Complex ankle deformities in patients with arthrogrypotic clubfeet are challenging to treat. Owing to high risk of relapse, most patients have many surgeries by the time they reach adolescence, resulting in atypical multiplanar deformities1–6. Joint sparing procedures are preferred in younger patients; however, in the setting of arthrogryposis, the joints tend to become extremely stiff. When joint motion is already markedly reduced, arthrodesis may be the optimal solution6–8.
Deformity-correcting ankle fusions are not commonly performed in pediatric patients. Restoring alignment in children with ankle deformities, such as those seen in arthrogrypotic clubfeet, is challenging because the surgeon must often free-hand bone cuts in multiple planes while avoiding neurovascular structures.
To address these complex cases with improved surgical precision and to decrease surgical risks, a new technique of preoperative planning and intraoperative deformity correction was developed using 3D digital modeling and 3D printing of patient-specific cut guides.
Others have used 3D guides in orthopaedic surgery, including cut guides for osteotomies of the hindfoot, midfoot, and knee9–11, and k-wire positioning guides for both arthroscopic ankle fusions12 and ankle ligament reconstruction13. All reported reductions in operation time and intraoperative fluoroscopy. To the best of our knowledge, these are the first cases using custom 3D-printed cutting guides for fusion in the foot or ankle.
We present 2 patients with arthrogrypotic clubfoot and complex multiplanar ankle deformities who were treated with deformity-correcting ankle fusions using 3D preoperative planning and custom 3D-printed intraoperative cutting guides. It is important to note that in these cases the concurrent foot and ankle deformities were managed with deformity correction entirely through the ankle joint to mitigate surgical risk.
The patients were informed that data concerning the case would be submitted for publication, and they provided consent.
Case Reports
Case 1. A 12-year-old male patient presented with multiply casted and operated arthrogrypotic clubfeet. He had persistent severe stiff deformities affecting his mobility and balance preventing independent standing and gait. He used ankle-foot orthoses (AFOs) and knee-AFOs (KAFOs).
Both feet had limited subtalar and ankle motion and persistent adductus, cavus, and significant hindfoot varus, with the left more severe than the right.
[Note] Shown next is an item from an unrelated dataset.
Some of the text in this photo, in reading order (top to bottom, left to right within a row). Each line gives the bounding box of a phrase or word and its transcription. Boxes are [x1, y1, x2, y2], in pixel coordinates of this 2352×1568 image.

Preoperatively, his responses on the Oxford Ankle Foot Questionnaire for Children (OxAFQ-C) physical, school and play, emotional and footwear domains were 14.0 (58.3%), 9.0 (56.2%), 15.0 (93.8%), and 4.0 (100%), respectively, with a higher score representing better function.
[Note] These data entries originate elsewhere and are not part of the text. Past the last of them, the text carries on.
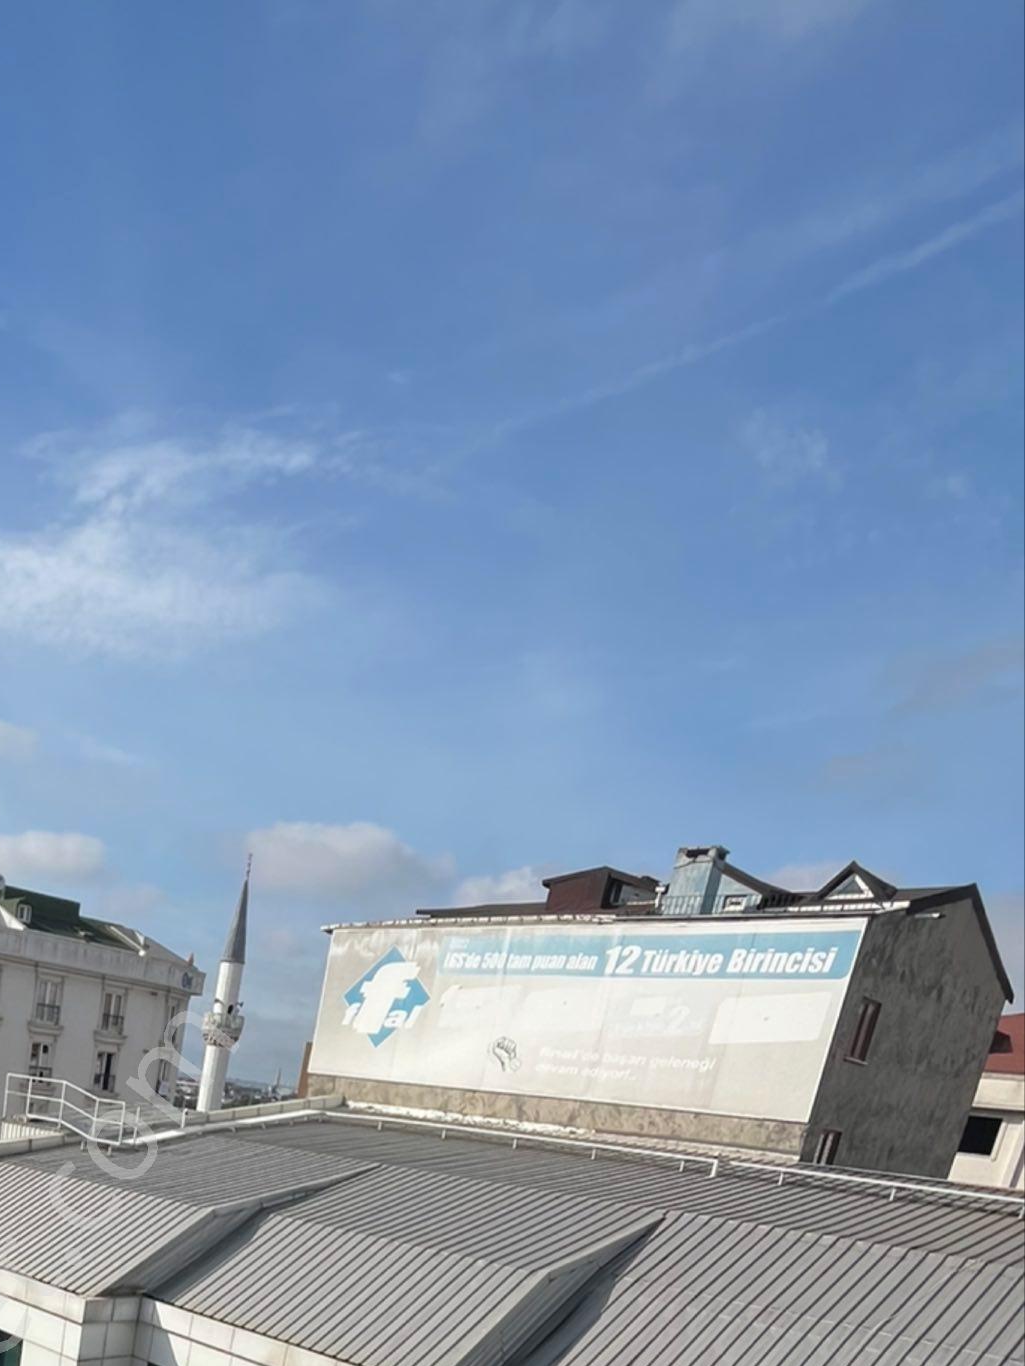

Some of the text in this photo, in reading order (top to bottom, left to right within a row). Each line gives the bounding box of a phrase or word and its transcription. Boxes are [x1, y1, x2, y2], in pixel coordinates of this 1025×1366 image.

[531, 954, 565, 972] puan
[566, 951, 599, 971] alan
[604, 944, 642, 976] 12
[641, 947, 724, 976] Türkiye
[726, 946, 839, 974] Birincisi
Owing to his extreme deformity primarily at the ankle with stiffness and degenerative changes, deformity-correcting ankle fusion was indicated as a powerful option for improving alignment of both feet.
Surgical Planning
Segmentation of the Digital Imaging and Communications in Medicine images was performed by a biomedical engineer using Mimics Medical 23.0 (Materialise NV) software to generate a 3D model of the ankle and foot. The 3D model was further processed using 3-matic Medical 15.0 (Materialise NV) software for preoperative planning with the surgeon. Materialise software was selected because it is the industry-standard software for medical segmentation, planning, and design and has U.S. Food and Drug Administration clearance for 3D printing.
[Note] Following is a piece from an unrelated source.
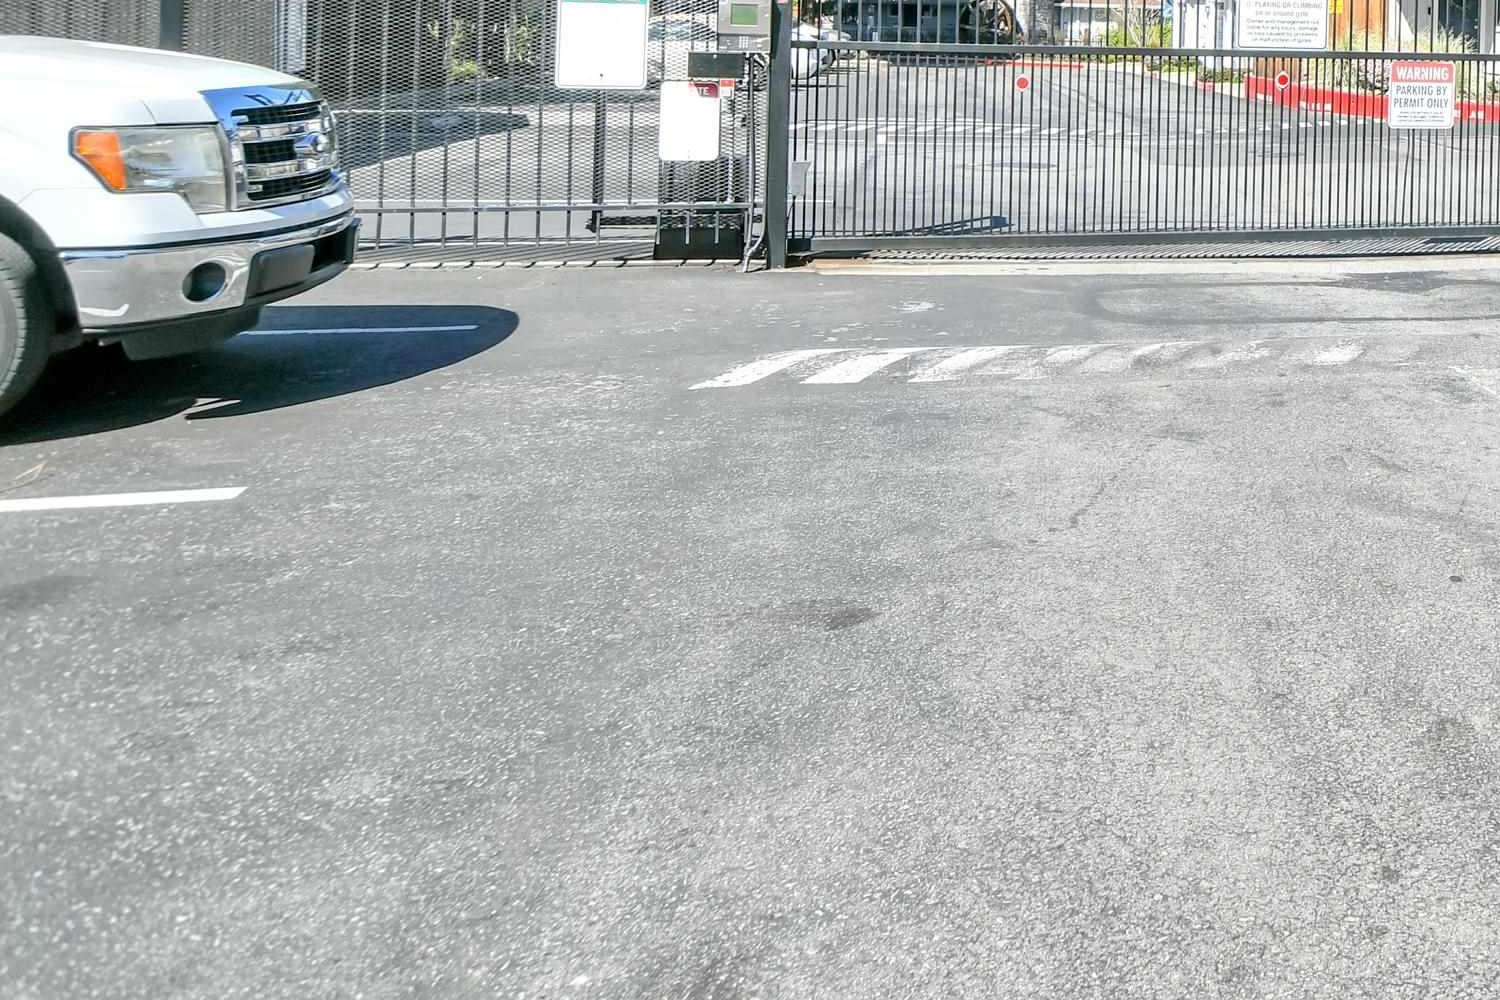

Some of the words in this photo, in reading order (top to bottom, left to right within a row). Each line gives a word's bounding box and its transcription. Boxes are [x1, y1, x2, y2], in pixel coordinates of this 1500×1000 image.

The original 3D anatomical model of the patient was 3D-printed with the Fortus 380mc (Stratasys) 3D printer with ABS-M30i material to allow better visualization for preoperative planning purposes (Fig 2A). The surgeon and engineer collaborated to determine the desired corrected position by using 3-matic Medical software to visualize overlapping bony anatomy needing to be removed (Fig 2B). The final corrected position was defined as one with the foot tripod restored between first and fifth metatarsal heads and calcaneus with a plantigrade position of the foot relative to the tibia. Cut planes are then used to mimic the cuts produced by the surgeon in the operating room (Fig 2C). Patient-specific cut guides were designed by reverse engineering the corrected foot position with cut planes back to the original deformity position (Fig 2D). The patient-specific cut guides are printed with the J750 Digital Anatomy (Stratasys) 3D printer using MED610 material. The postoperative models with predesigned cuts are printed with the Fortus 380mc (Stratasys) 3D printer to use in the operating room for reference and to cue positioning of the cut guides. Both 3D printers were selected because of the printability of sterilizable materials.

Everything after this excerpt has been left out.